Task statement = Everything in the listing below must be set down again exactly, apart from the pictures.
# # # #
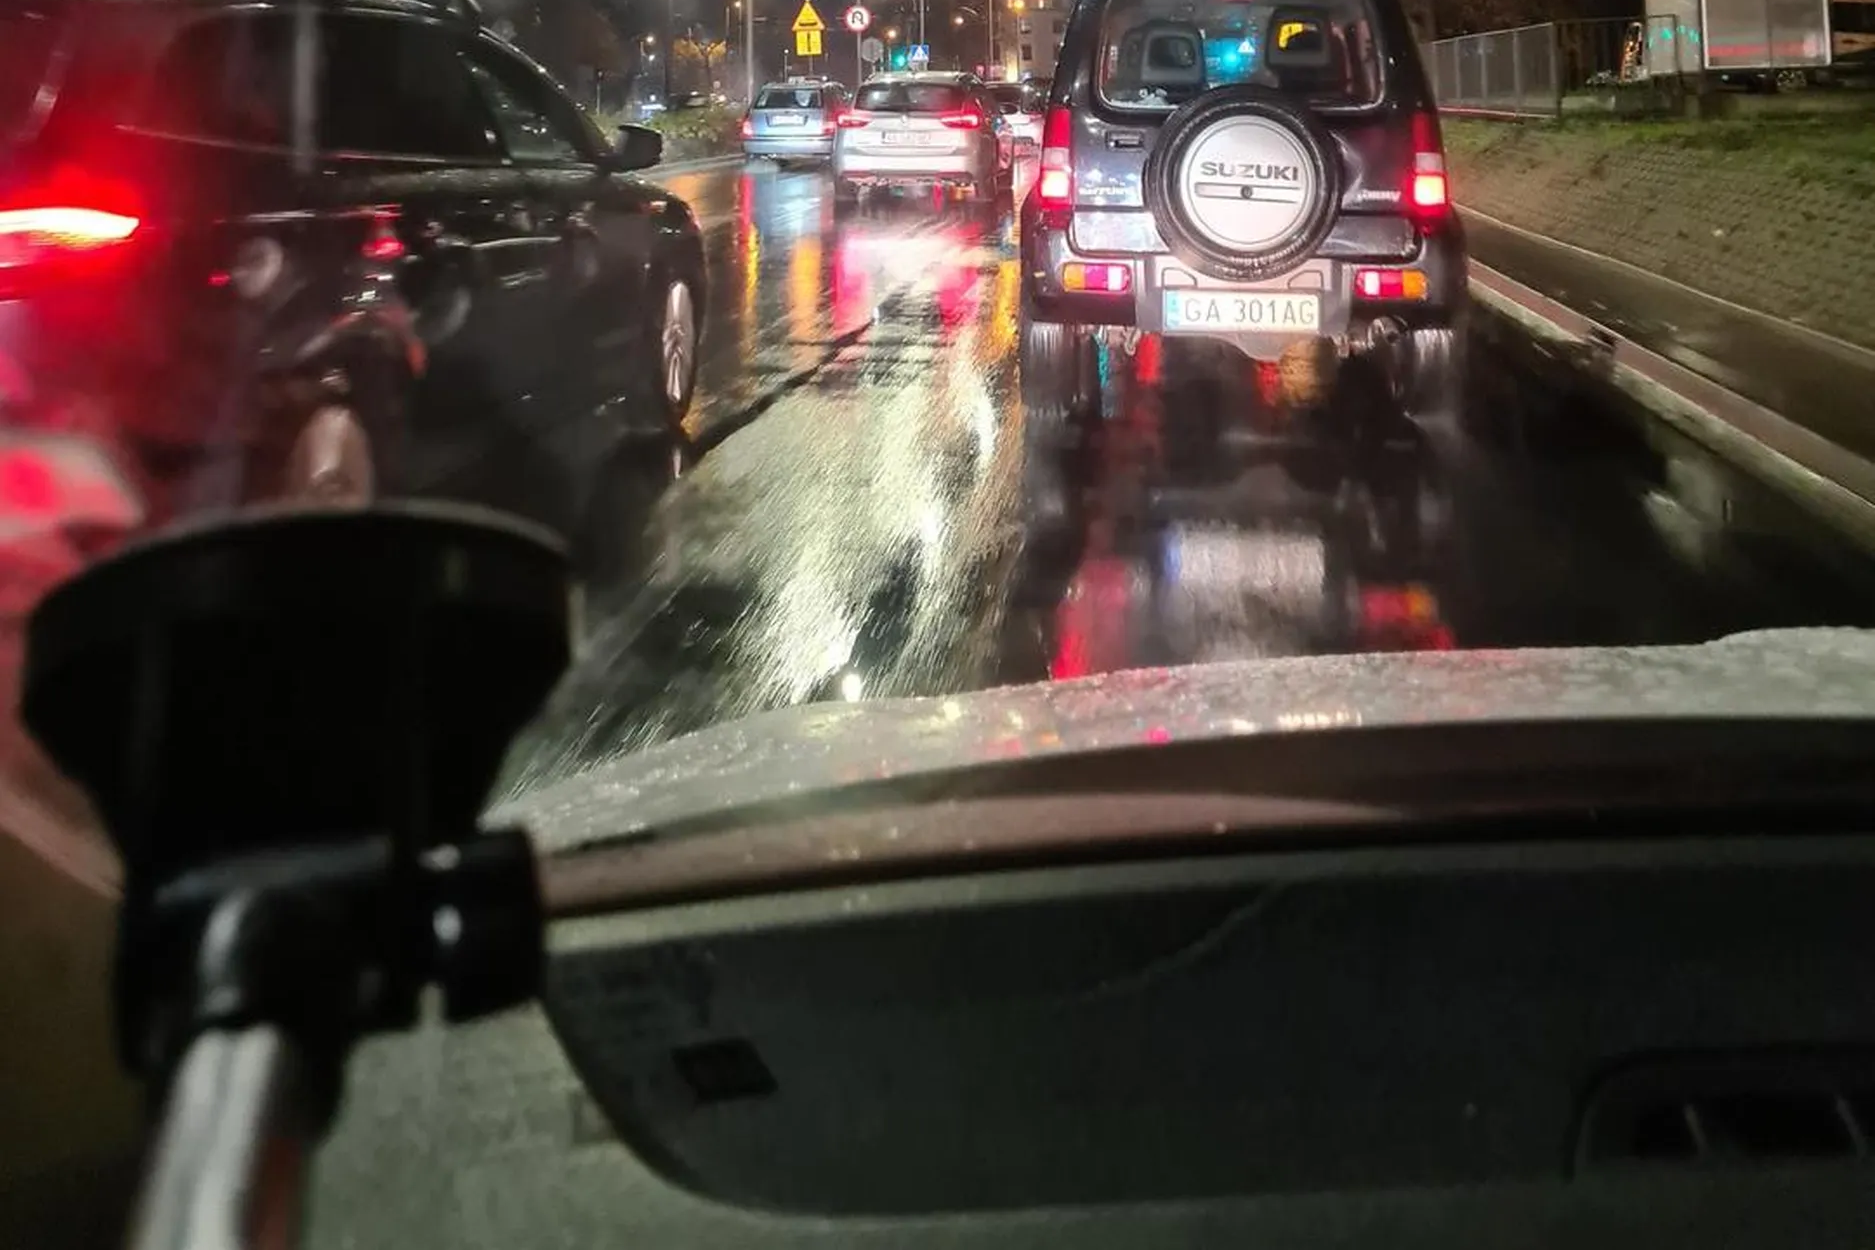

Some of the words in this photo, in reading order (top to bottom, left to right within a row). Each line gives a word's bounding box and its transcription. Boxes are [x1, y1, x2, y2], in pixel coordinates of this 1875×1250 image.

[1200, 161, 1299, 181] SUZUKI
[1185, 298, 1221, 323] GA
[1234, 299, 1315, 324] 301AG
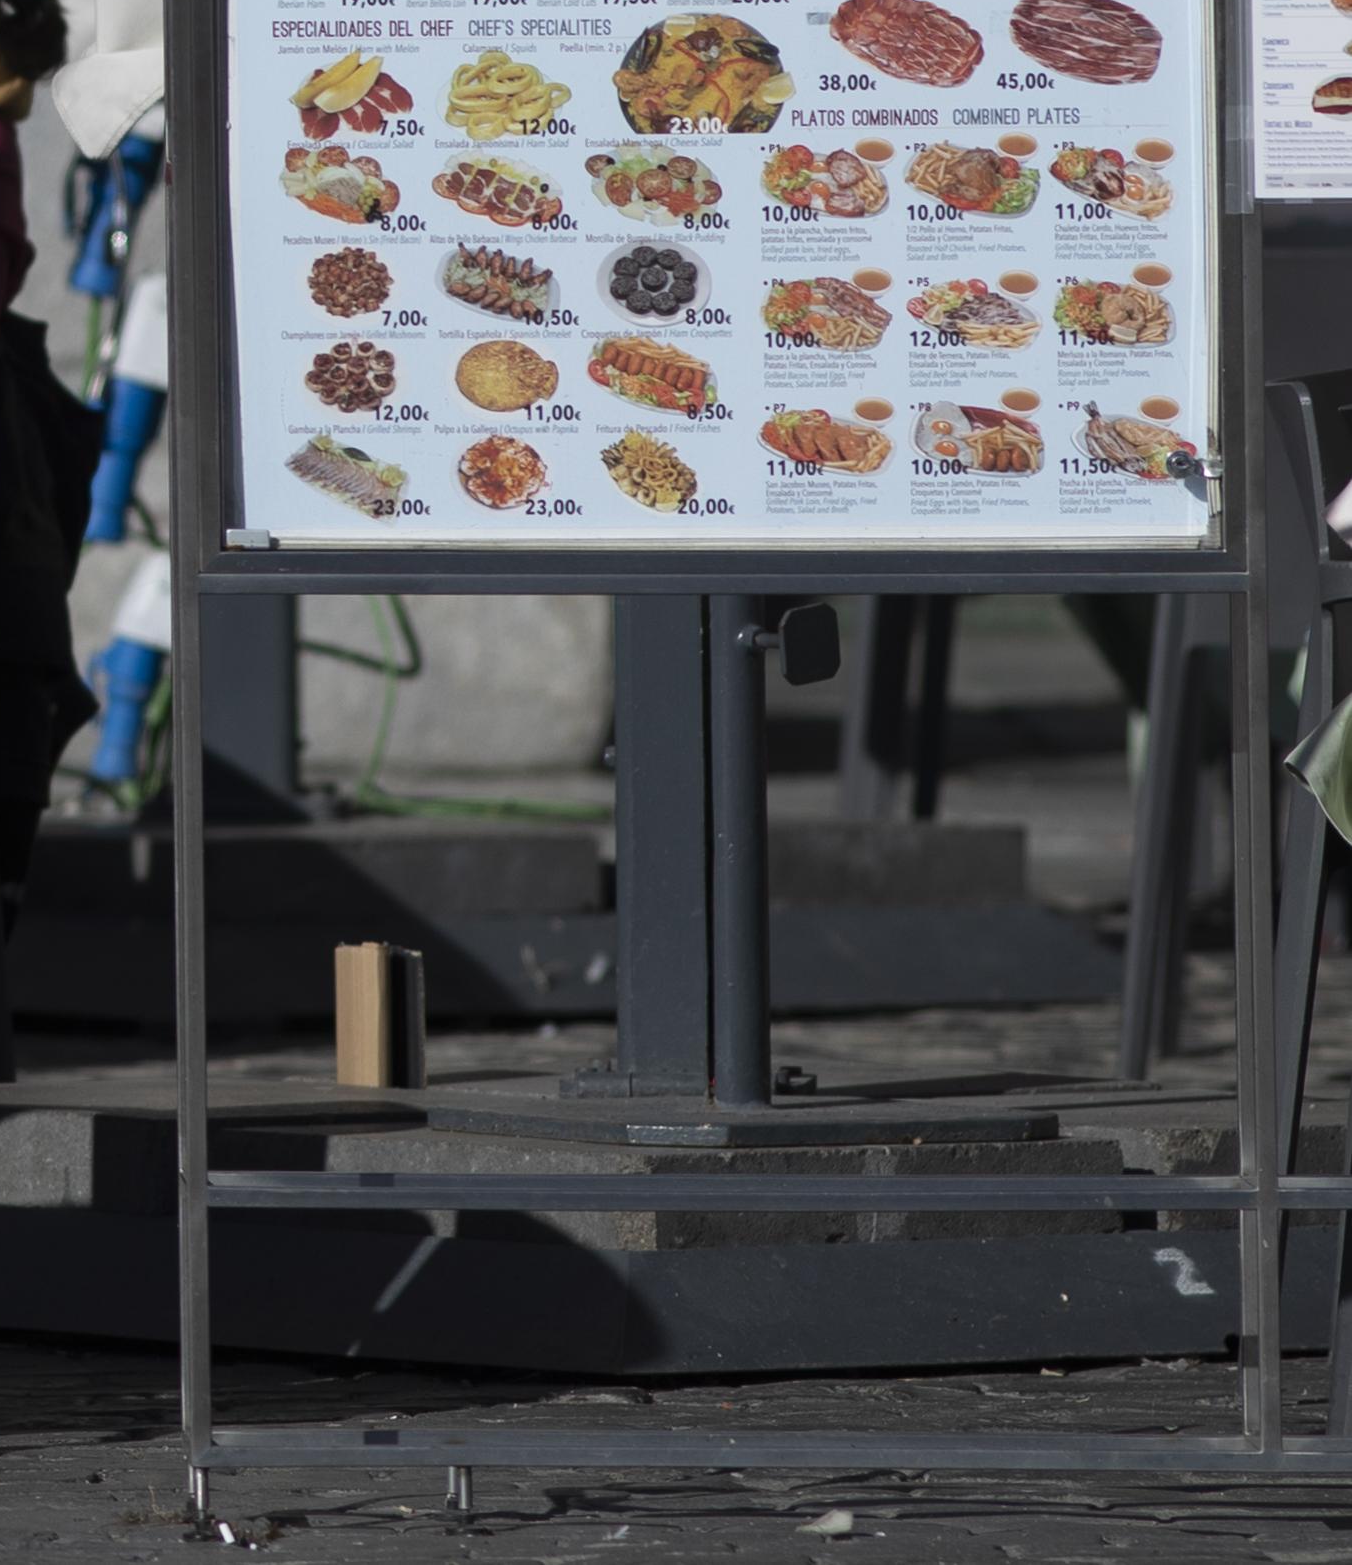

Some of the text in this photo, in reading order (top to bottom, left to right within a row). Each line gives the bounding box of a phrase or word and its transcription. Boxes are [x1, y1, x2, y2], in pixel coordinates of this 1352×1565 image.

[272, 19, 611, 39] ESPECIALIDADES DEL CHEF CHEF'S SPECIALITIES
[819, 74, 876, 91] 38,00€
[996, 72, 1054, 90] 45,00€
[791, 109, 938, 126] PLATOS COMBINADOS
[953, 107, 1080, 125] COMBINED PLATES
[380, 119, 425, 137] 7,50€
[519, 118, 576, 136] 12,00€
[380, 214, 426, 232] 8,00€
[684, 213, 730, 231] 8,00€
[382, 310, 428, 328] 7,00€
[685, 308, 731, 325] 8,00€
[373, 404, 429, 422] 12,00€
[524, 404, 580, 421] 11,00€
[525, 499, 582, 516] 23,00€
[678, 498, 734, 516] 20,00€
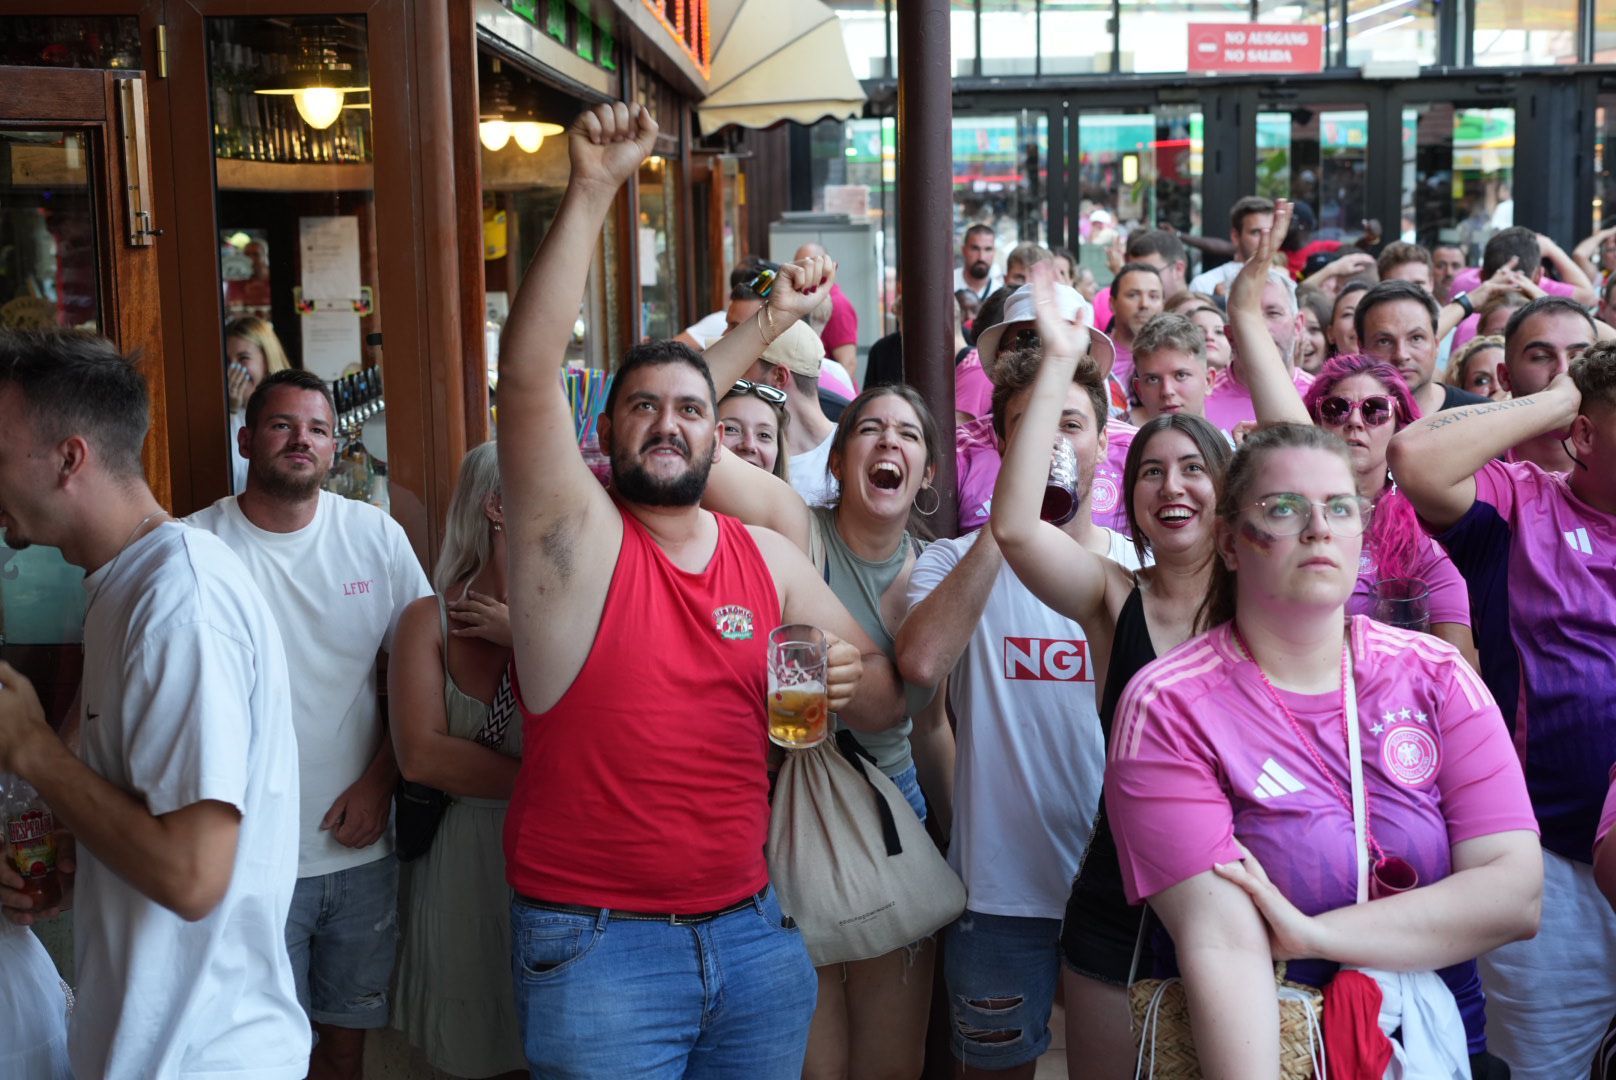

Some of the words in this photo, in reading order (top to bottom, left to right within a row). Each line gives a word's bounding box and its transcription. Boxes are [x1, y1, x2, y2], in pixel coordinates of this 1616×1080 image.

[1224, 31, 1245, 45] NO
[1247, 31, 1308, 46] AUSGANG
[1224, 49, 1245, 62] NO
[1246, 49, 1292, 63] SALIDA
# # # #
Solved exercise =
Some of the words in this photo, in reading order (top to bottom, left to right within a row). Each line gives a word's bounding box and its transcription. Boxes are [x1, y1, x2, y2], in pixel coordinates of this 1875×1250 image.

[1200, 161, 1299, 181] SUZUKI
[1185, 298, 1221, 323] GA
[1234, 299, 1315, 324] 301AG

Some of the text in this photo, in reading order (top to bottom, left to right within a row). Each line gives the bounding box of a phrase or word and its transcription. Boxes are [x1, y1, x2, y2], in pixel coordinates of this 1352×1565 image.

[272, 19, 611, 39] ESPECIALIDADES DEL CHEF CHEF'S SPECIALITIES
[819, 74, 876, 91] 38,00€
[996, 72, 1054, 90] 45,00€
[791, 109, 938, 126] PLATOS COMBINADOS
[953, 107, 1080, 125] COMBINED PLATES
[380, 119, 425, 137] 7,50€
[519, 118, 576, 136] 12,00€
[380, 214, 426, 232] 8,00€
[684, 213, 730, 231] 8,00€
[382, 310, 428, 328] 7,00€
[685, 308, 731, 325] 8,00€
[373, 404, 429, 422] 12,00€
[524, 404, 580, 421] 11,00€
[525, 499, 582, 516] 23,00€
[678, 498, 734, 516] 20,00€

Some of the words in this photo, in reading order (top to bottom, left to right within a row). Each line gives a word's bounding box and its transcription. Boxes are [x1, y1, x2, y2], in pixel coordinates of this 1616×1080 image.

[1224, 31, 1245, 45] NO
[1247, 31, 1308, 46] AUSGANG
[1224, 49, 1245, 62] NO
[1246, 49, 1292, 63] SALIDA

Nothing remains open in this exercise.